Monday, August 01, 2011

Never say never...

I was done, over it. I used this blog as stress relief from a difficult job (seriously, you try nannying a bunch of grown men. Editor, shmeditor...) and it worked for a while. Family, friends, fellow allergy sufferers and even the occasional medical professional would read, lurk, and sometimes comment. Then, the strangest thing happened.
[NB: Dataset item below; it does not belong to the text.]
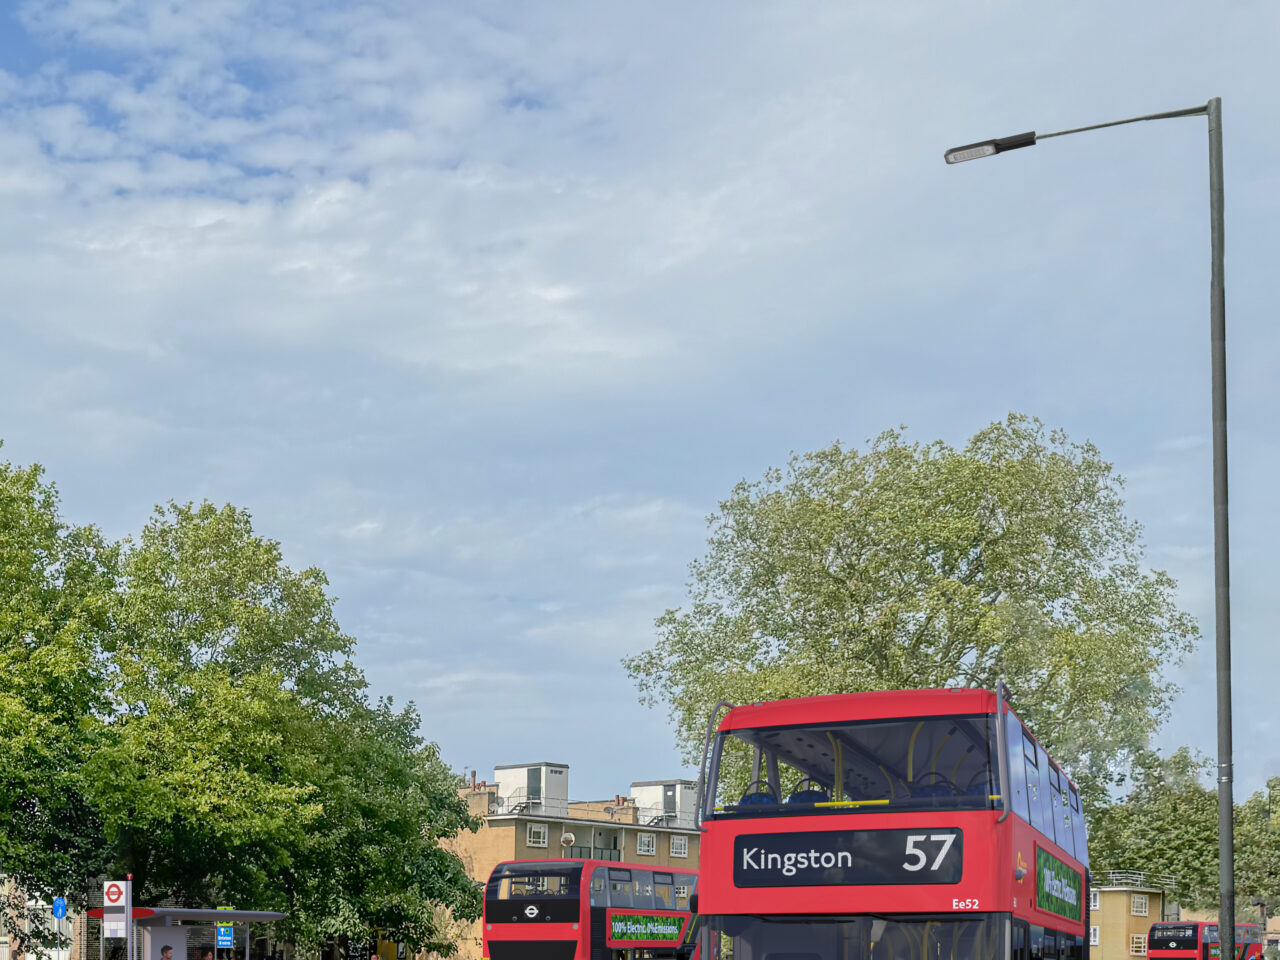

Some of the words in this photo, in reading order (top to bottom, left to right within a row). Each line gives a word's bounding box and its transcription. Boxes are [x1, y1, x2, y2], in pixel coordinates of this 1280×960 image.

I found myself in a new job, with far less stress, and it was like the allergy embargo had been lifted. For the first time in years, I felt like a new person internally, and as a result, I grew tired of being identified as the allergic chick. I grew tired of having a dear friend grasp the waiter's arm every time we went to lunch to say, "You don't understand, if you pick that tomato off her salad, and serve it to her without telling her, SHE WILL DIE. And that's on you, my friend," (I kid you not). Sweet, sure, but slightly more forceful than I care to be with anyone handling my food.

I didn't want to be the Allergic Diner anymore. I yearned to be a normal person who just could go out to a restaurant without having to review the menu beforehand, and who could trust in the truthfulness of the chef and/or the waiter. Additionally, the more I grew to love my new job, and the freedom it affords me, I found that I especially loved the joy of not having to engage in petty office melodrama. I didn't exactly have stress to release. I found (and continue to find) myself in the rather odd position of just being happy and content. My zest for life is back, my friends, and it is a beautiful thing.

I recently read a blog about the idea behind trying to say "yes" to everything in life. Obviously, it's not something you can do all the time, but it is something I've tried diligently to put into practice in everyday life this year. Fly all the way to San Diego by myself? Yes. Submit a ghostwriting proposal? Yes. Market my freelance business? YES. Food test things that terrify me? Yes. It is this last one that brings me back to this blog, and to all of you.

I will be blogging again, not just about allergies, but about life and my attempts to be fearless, and I hope that you understand that by saying yes to life, and specifically to new foods and places, that I have broken out of my fearful allergic shell. It truly is a beautiful life. Say yes (and forgive me occasionally if I wander off the allergic path I started).